PROVIDED DATA:

• • • • •

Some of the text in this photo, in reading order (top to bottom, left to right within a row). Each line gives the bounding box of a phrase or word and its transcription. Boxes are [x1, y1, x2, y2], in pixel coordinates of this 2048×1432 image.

• • • • •

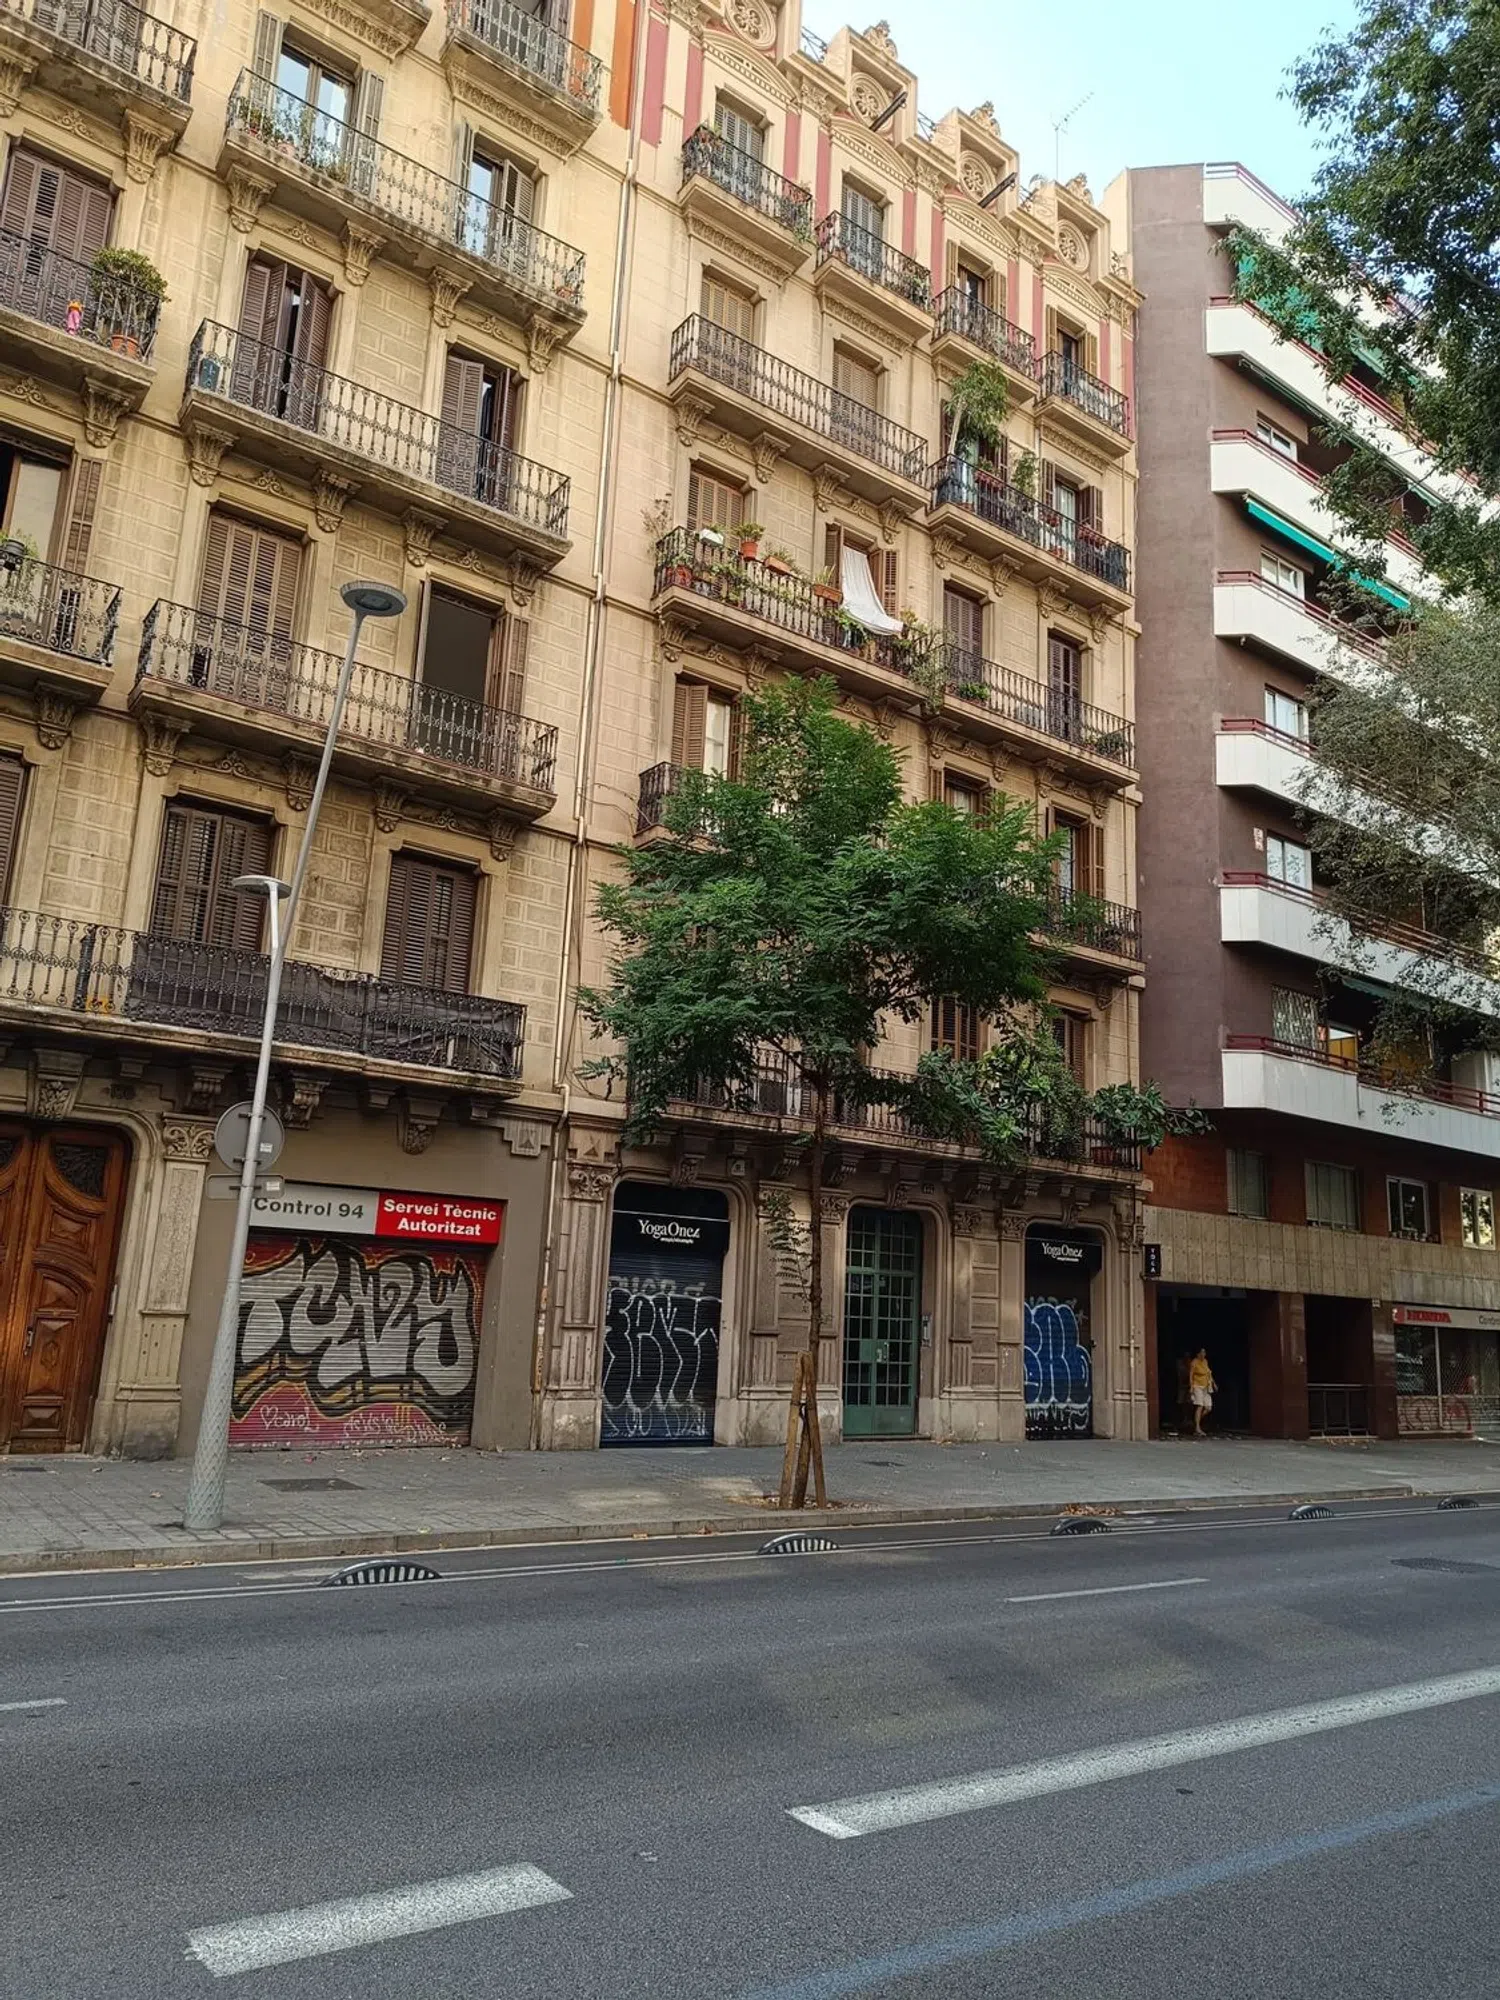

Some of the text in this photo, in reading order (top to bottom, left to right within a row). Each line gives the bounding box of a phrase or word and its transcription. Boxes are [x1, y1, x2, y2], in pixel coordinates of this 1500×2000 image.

• • • • •

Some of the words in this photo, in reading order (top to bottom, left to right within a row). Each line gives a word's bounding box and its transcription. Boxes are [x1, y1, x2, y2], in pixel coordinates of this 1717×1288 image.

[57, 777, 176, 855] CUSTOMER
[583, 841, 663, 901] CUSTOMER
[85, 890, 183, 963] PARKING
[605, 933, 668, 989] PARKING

• • • • •

TASK ITEM: Whenever a line of the data above includes the word "phrase", copy that line.

EXERCISE OUTPUT:
Some of the text in this photo, in reading order (top to bottom, left to right within a row). Each line gives the bounding box of a phrase or word and its transcription. Boxes are [x1, y1, x2, y2], in pixel coordinates of this 2048×1432 image.
Some of the text in this photo, in reading order (top to bottom, left to right within a row). Each line gives the bounding box of a phrase or word and its transcription. Boxes are [x1, y1, x2, y2], in pixel coordinates of this 1500×2000 image.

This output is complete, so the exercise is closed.